In many developing countries, it is no secret that the poor and less educated are going to die younger than the affluent and more educated. Since the economic crash of September 2008, poverty has increased considerably among Americans. The number of Americans receiving food stamps has increased from 17 million in 2000 to 47 million in 2013, and that figure doesn’t tell the whole story because there are millions more Americans who are struggling financially but aren’t quite poor enough to qualify for food stamps.

In addition to poverty, another thing greatly affecting life expectancy in the U.S. is its dysfunctional health insurance system. Becoming unemployed or underemployed can easily limit one’s access to healthcare in the U.S., and according to a study the Commonwealth Fund conducted in 2012, 55 million Americans lacked health insurance at some point last year. Preventative healthcare can save lives, and health problems that are quite treatable can become much worse when so many Americans are uninsured or underinsured (meaning that they have significant gaps in their coverage that could easily result in a medical bankruptcy). Even Americans who are insured can have a hard time being treated for high blood pressure, diabetes or heart disease when they have to fight with their insurance companies over every little thing.

But as severe as poverty and inadequate access to healthcare are in the U.S., Republican and Tea Party policies can only make those problems even worse. On September 9, Republicans in the House of Representatives pushed through a bill that calls for slashing billions of dollars from the food stamp program (only 15 Republicans in the House voted against the bill). While Republicans and the Tea Party are great at railing against Obamacare, they fail miserably when it comes to offering any viable alternative or addressing the severity of the healthcare crisis in the United States.

What will it take to reverse declining life expectancy among much of the U.S. population? First and foremost, healthcare reform needs to be greatly expanded, not rolled back. Economist Robert Reich has said that while “Obamacare is an important step, it still leaves 20 million Americans without coverage.” The food stamp program should remain in place for those who need it, not be butchered in order to appease the Tea Party.

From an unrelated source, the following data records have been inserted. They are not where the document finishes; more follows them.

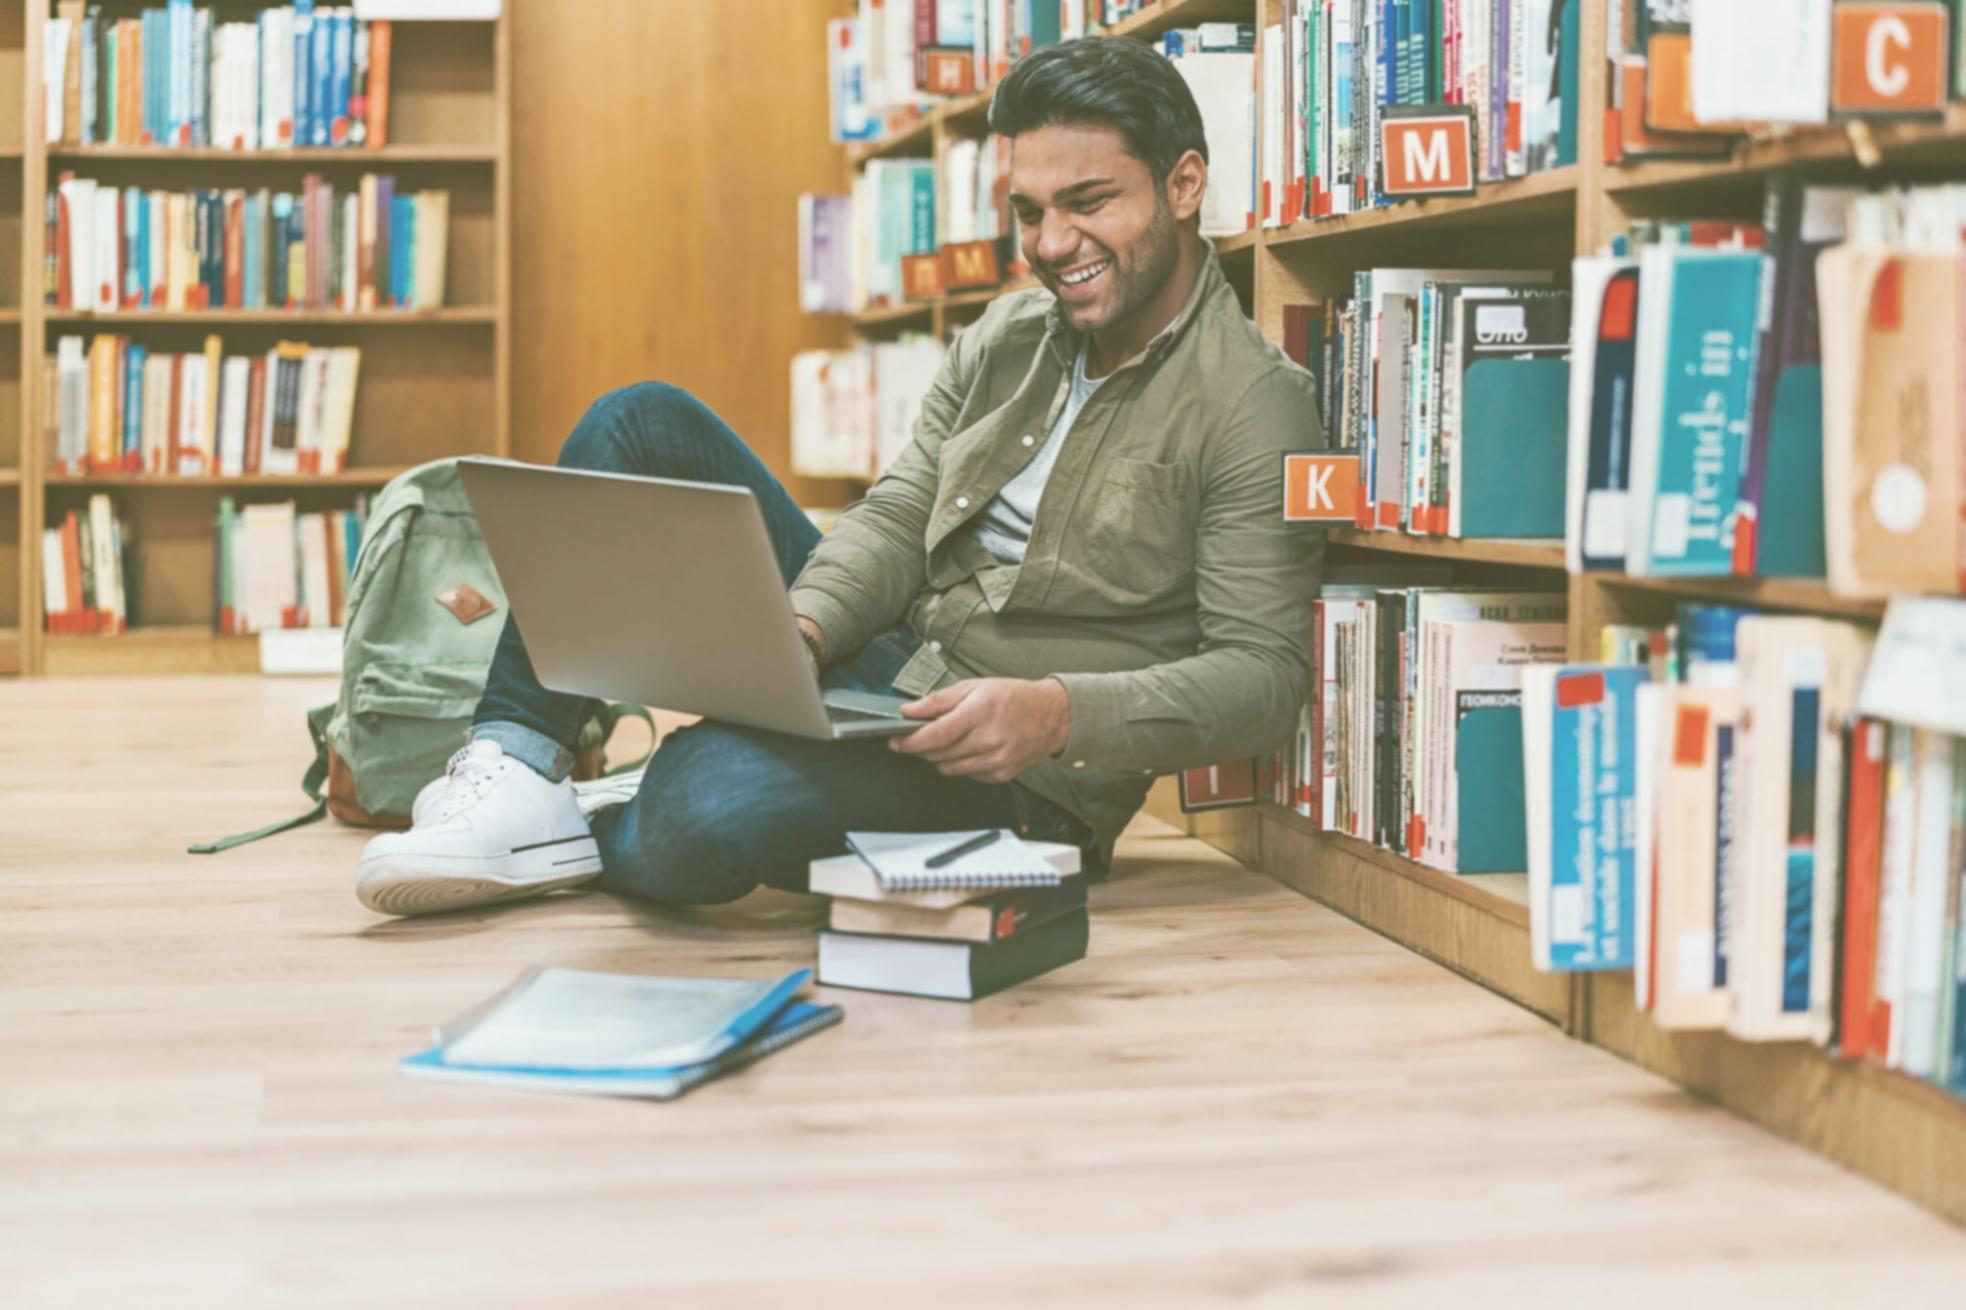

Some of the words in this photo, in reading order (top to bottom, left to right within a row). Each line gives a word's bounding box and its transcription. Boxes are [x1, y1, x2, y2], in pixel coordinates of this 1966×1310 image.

[1866, 15, 1911, 97] C
[1402, 129, 1452, 183] M
[954, 247, 986, 280] M
[1307, 464, 1336, 510] K
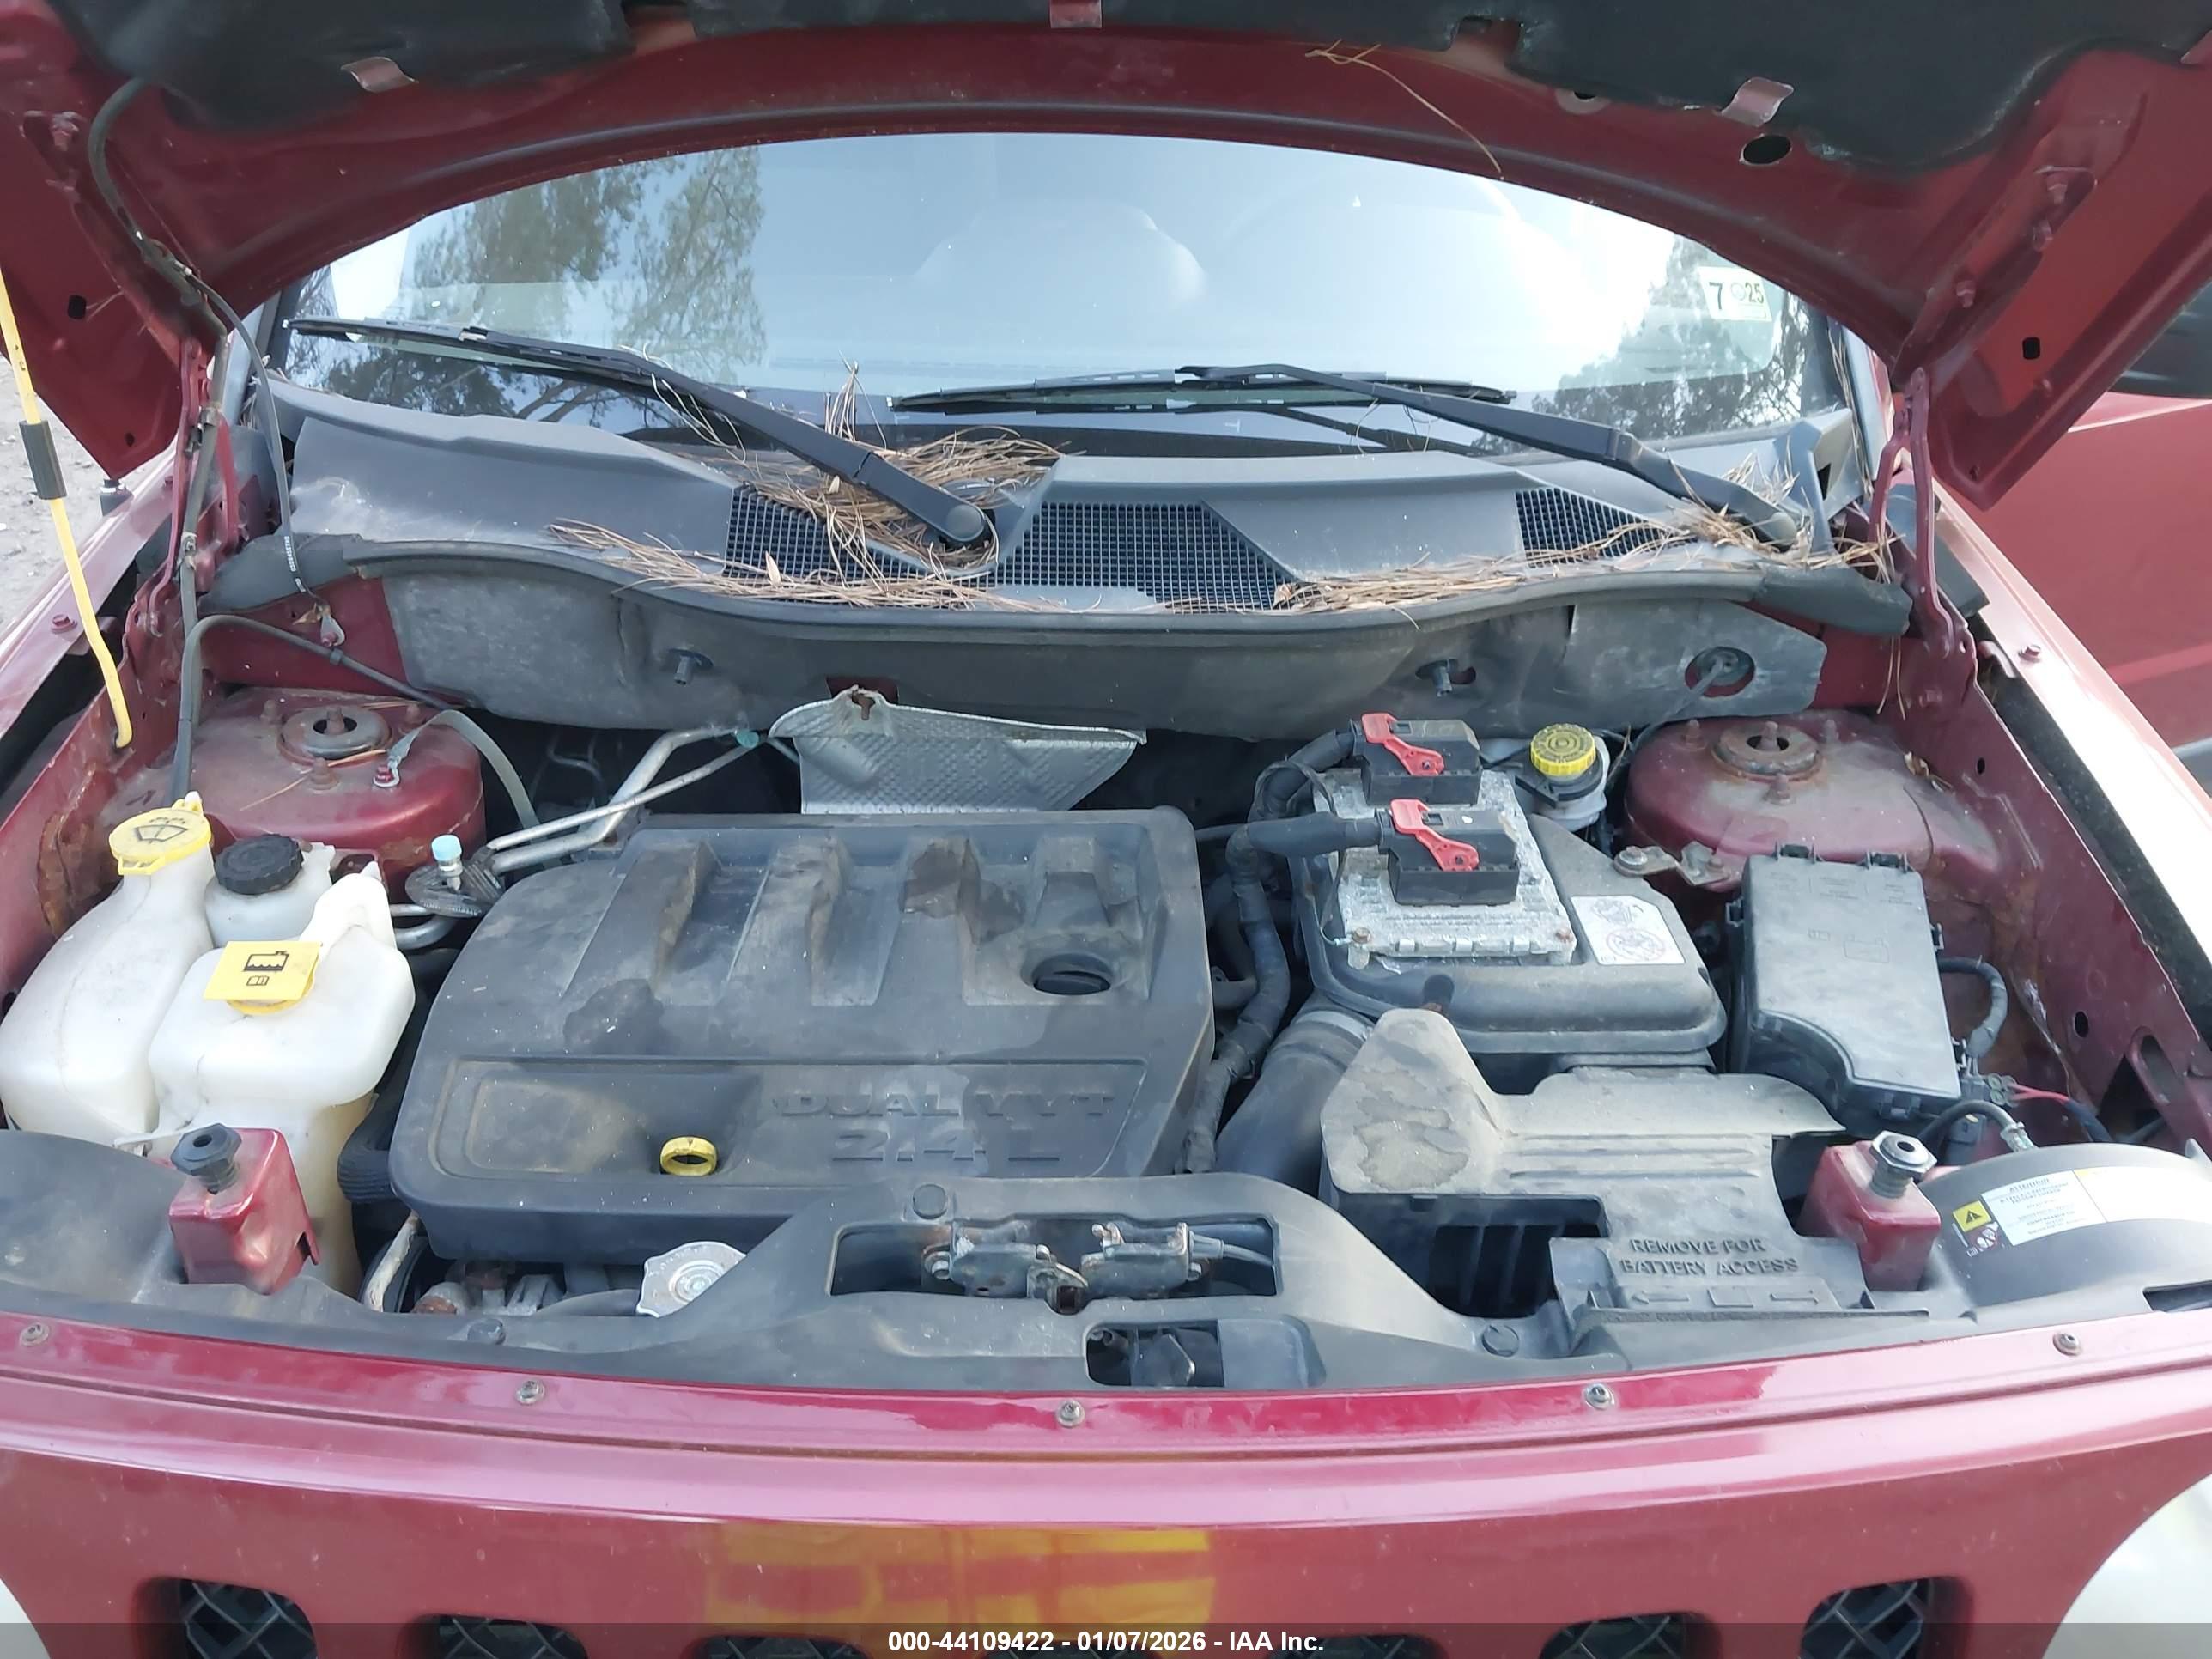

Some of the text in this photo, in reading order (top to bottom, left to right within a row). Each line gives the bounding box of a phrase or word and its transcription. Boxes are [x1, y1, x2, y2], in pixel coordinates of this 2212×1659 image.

[1709, 281, 1765, 310] 7 25
[781, 1092, 1115, 1117] DUAL VVT
[1630, 1237, 1766, 1255] REMOVE FOR
[1620, 1257, 1799, 1276] BATTERY ACCESS
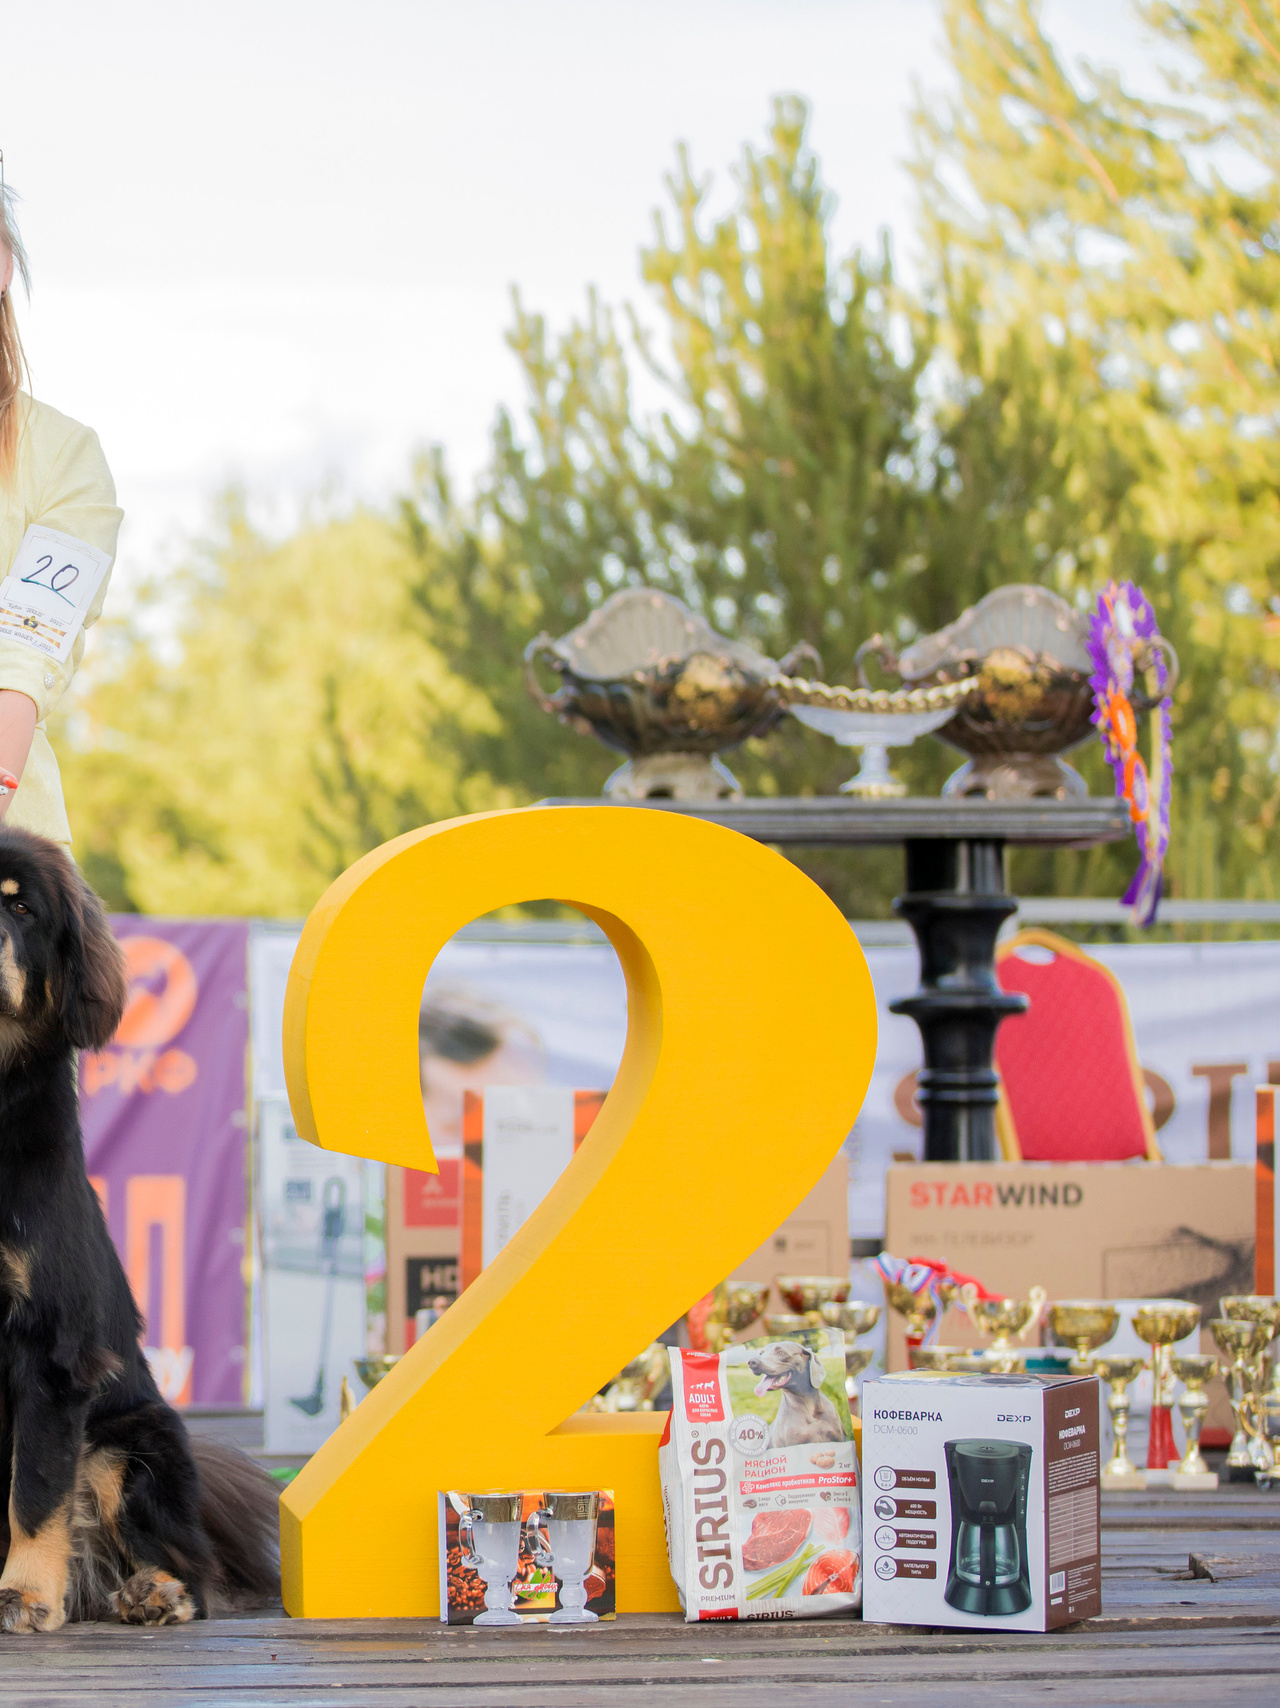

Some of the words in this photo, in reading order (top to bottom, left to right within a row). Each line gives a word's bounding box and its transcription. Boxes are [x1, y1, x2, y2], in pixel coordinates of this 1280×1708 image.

But food stamps are a temporary measure, not a long-term solution—and increasing life expectancy among Americans will mean rebuilding the U.S.’ embattled middle-class, decreasing unemployment and decreasing underemployment. It will also mean strengthening unions (which have a long history of decreasing poverty and creating better working conditions), establishing a living wage, and protecting Social Security and Medicare rather than turning them over to Wall Street.

Accomplishing any of those things will be an uphill battle. But if present economic, employment and political trends are allowed to continue, many Americans can look forward to dying younger than their counterparts in Japan, Australia, New Zealand and much of Europe.